SOURCE DATA –

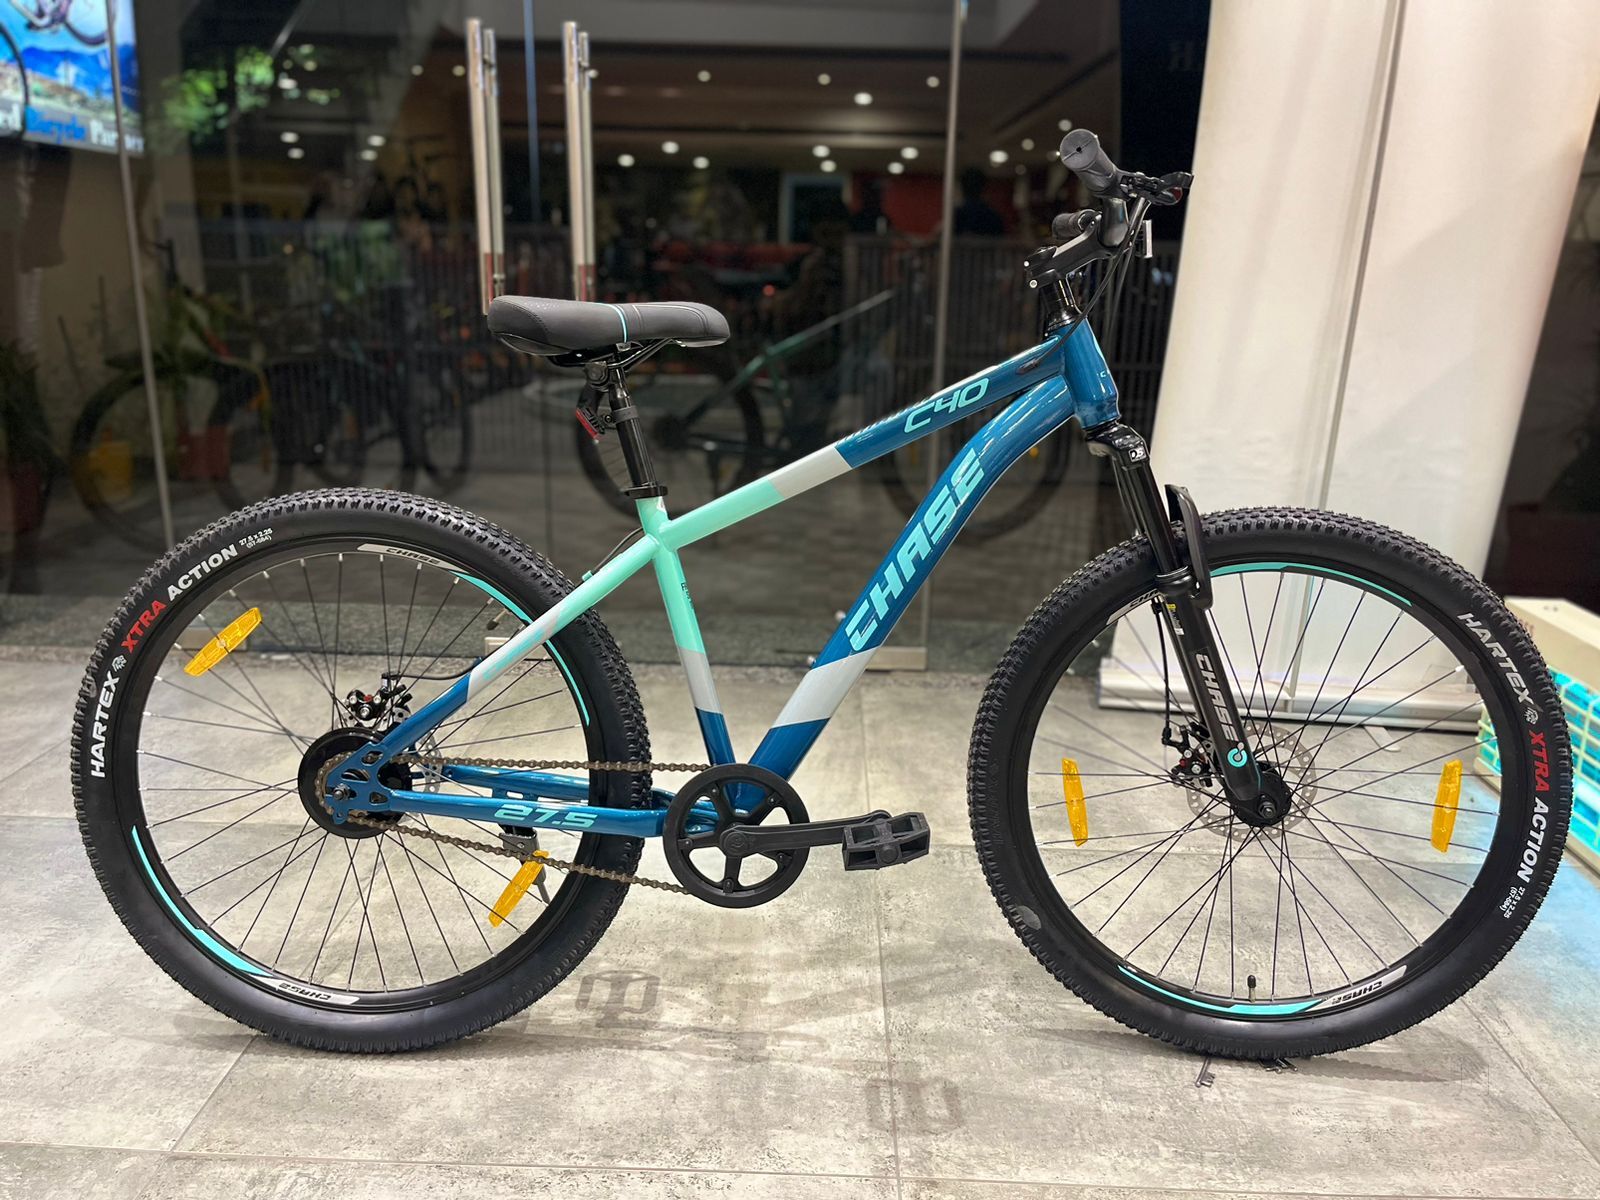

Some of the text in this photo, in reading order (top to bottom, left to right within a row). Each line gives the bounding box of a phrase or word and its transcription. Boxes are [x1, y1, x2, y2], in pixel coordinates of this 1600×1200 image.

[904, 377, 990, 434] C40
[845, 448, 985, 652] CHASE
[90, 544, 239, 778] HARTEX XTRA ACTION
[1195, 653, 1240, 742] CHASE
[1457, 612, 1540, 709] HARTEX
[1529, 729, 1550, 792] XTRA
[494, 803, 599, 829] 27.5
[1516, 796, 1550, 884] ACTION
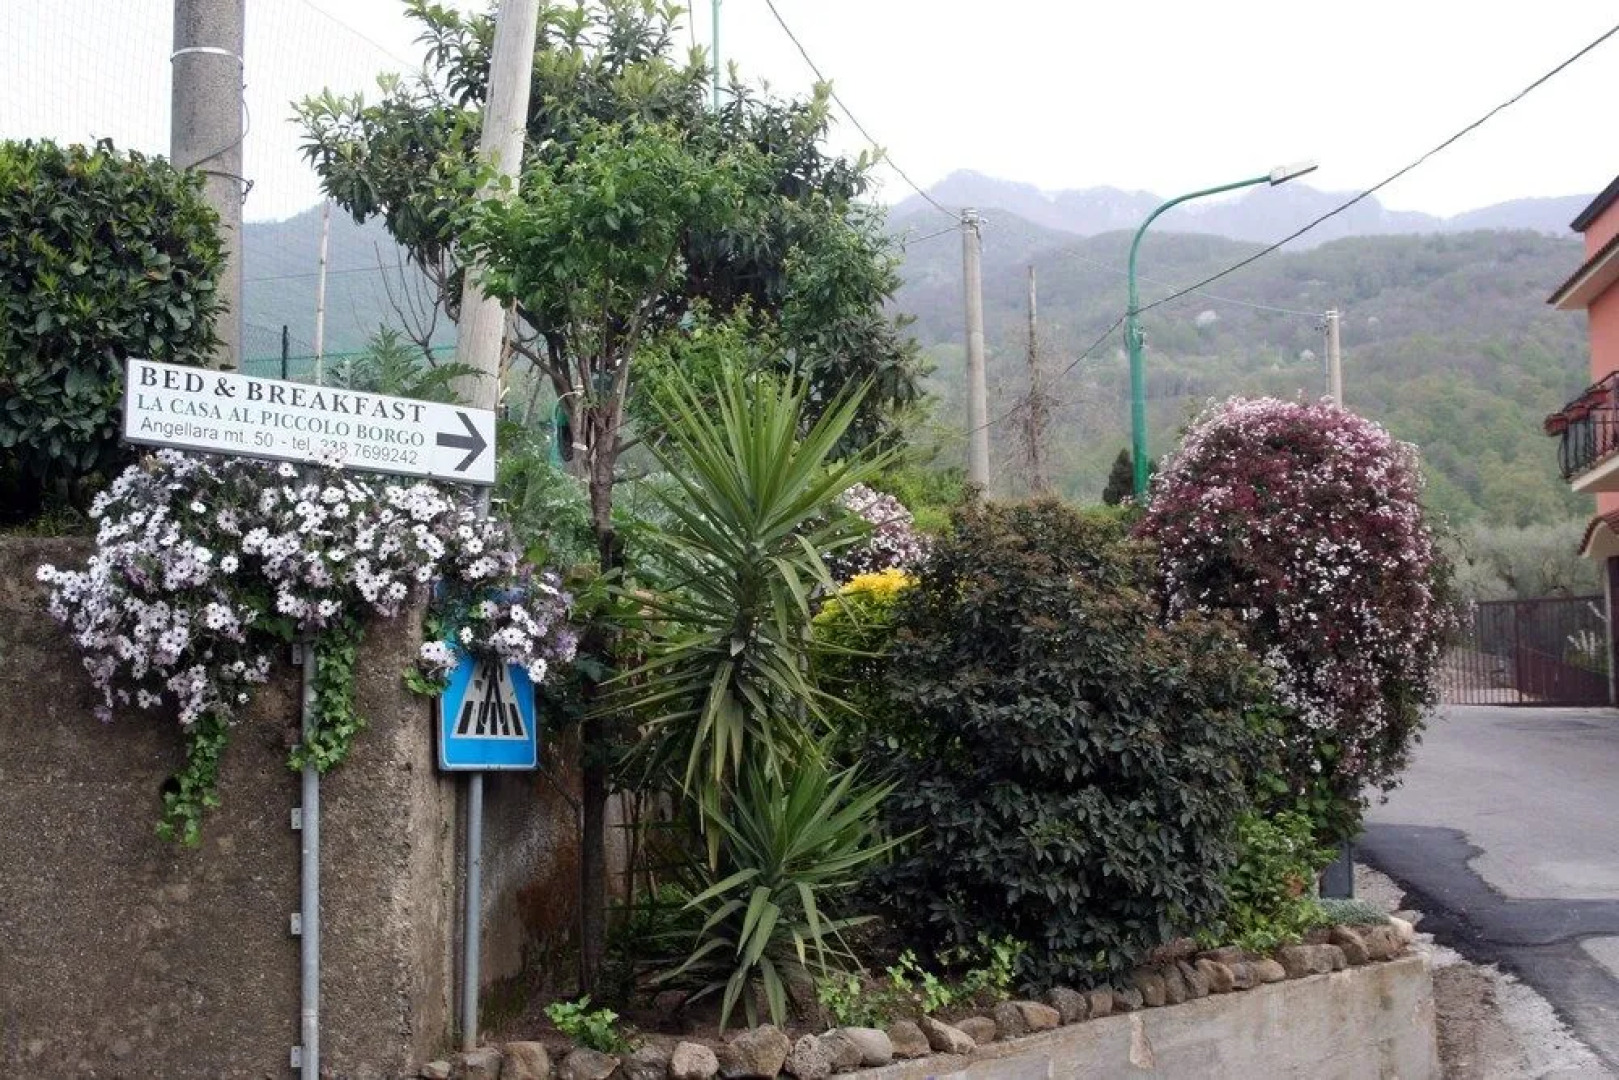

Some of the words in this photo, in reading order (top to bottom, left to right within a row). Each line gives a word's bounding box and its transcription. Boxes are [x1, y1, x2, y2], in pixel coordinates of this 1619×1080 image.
* * *
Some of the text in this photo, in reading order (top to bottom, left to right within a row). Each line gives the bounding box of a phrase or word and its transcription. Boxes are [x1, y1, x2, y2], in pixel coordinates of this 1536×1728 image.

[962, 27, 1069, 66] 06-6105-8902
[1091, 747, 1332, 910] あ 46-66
* * *
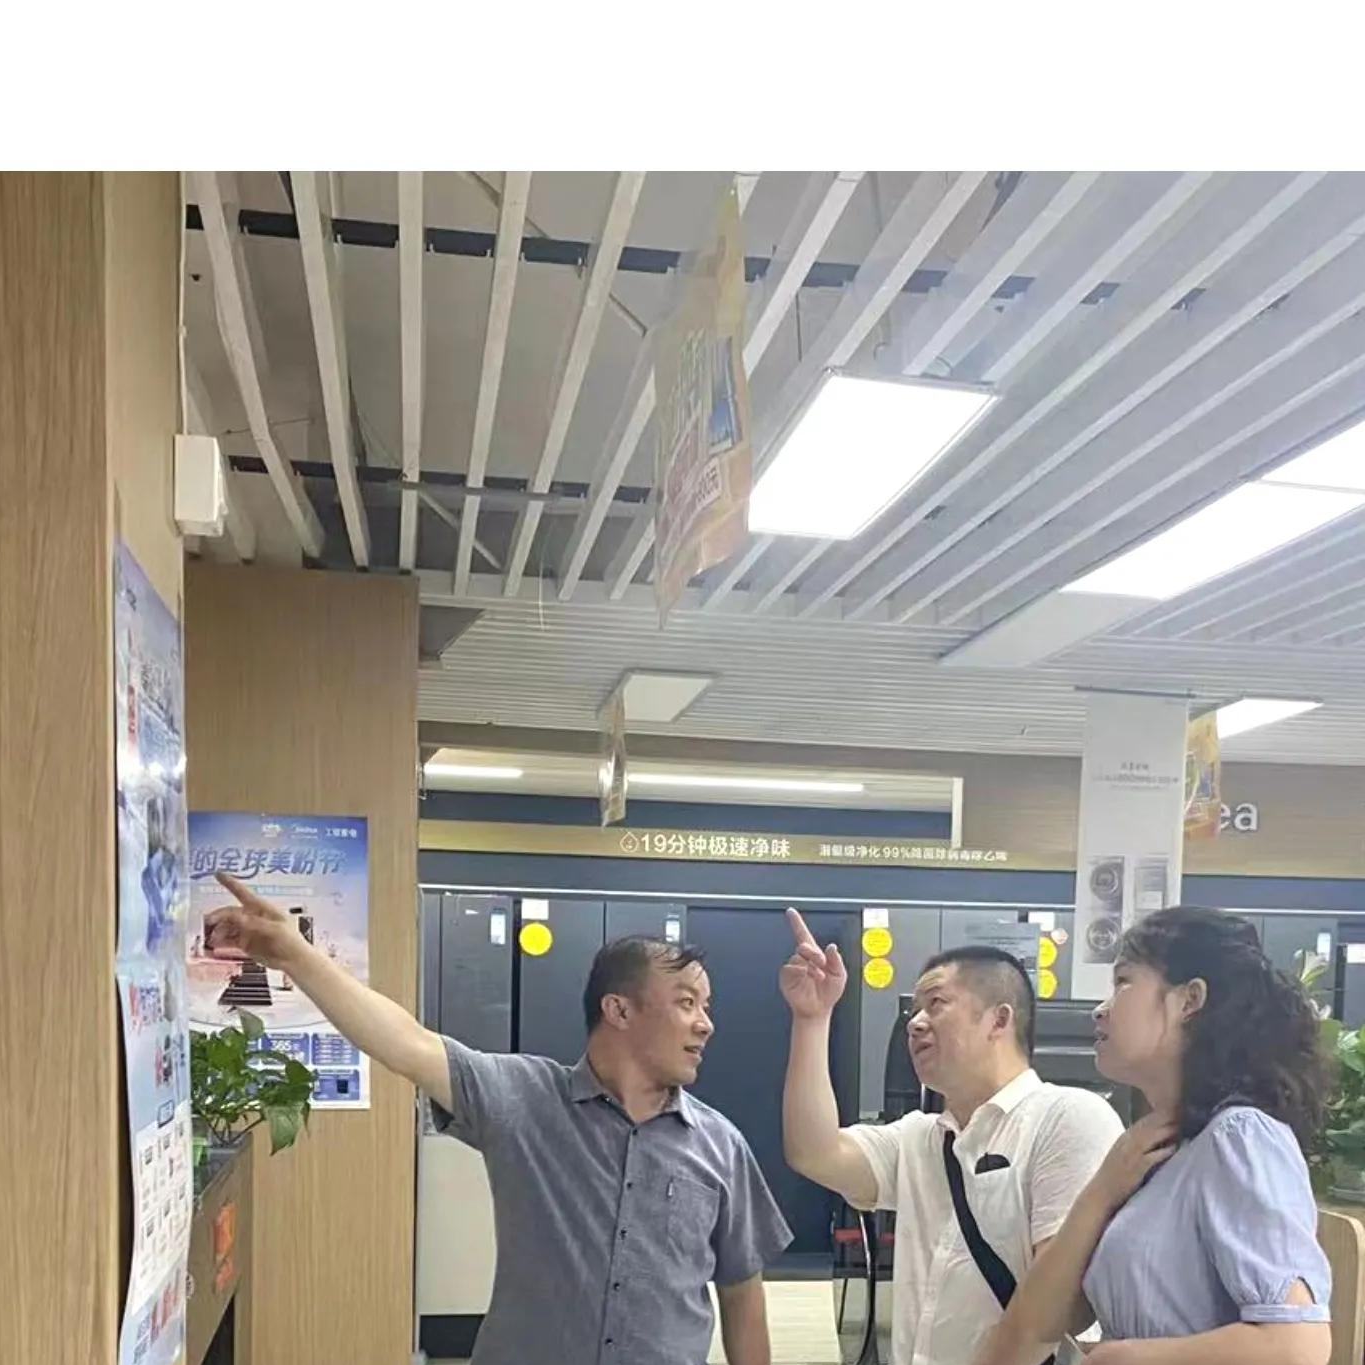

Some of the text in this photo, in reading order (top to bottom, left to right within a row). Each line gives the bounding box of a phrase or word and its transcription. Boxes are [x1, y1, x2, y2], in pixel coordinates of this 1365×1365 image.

TRY IT – In the records above, everything from the line with "this 1600×1200 image." down to the line with "Some of the words" must be duplicated exactly, both lines kept. Leave no pictures in.

REPLY –
Some of the text in this photo, in reading order (top to bottom, left to right within a row). Each line gives the bounding box of a phrase or word and its transcription. Boxes are [x1, y1, x2, y2], in pixel coordinates of this 1600×1200 image.

[904, 377, 990, 434] C40
[845, 448, 985, 652] CHASE
[90, 544, 239, 778] HARTEX XTRA ACTION
[1195, 653, 1240, 742] CHASE
[1457, 612, 1540, 709] HARTEX
[1529, 729, 1550, 792] XTRA
[494, 803, 599, 829] 27.5
[1516, 796, 1550, 884] ACTION

Some of the words in this photo, in reading order (top to bottom, left to right within a row). Each line gives a word's bounding box and its transcription. Boxes are [x1, y1, x2, y2], in pixel coordinates of this 1619×1080 image.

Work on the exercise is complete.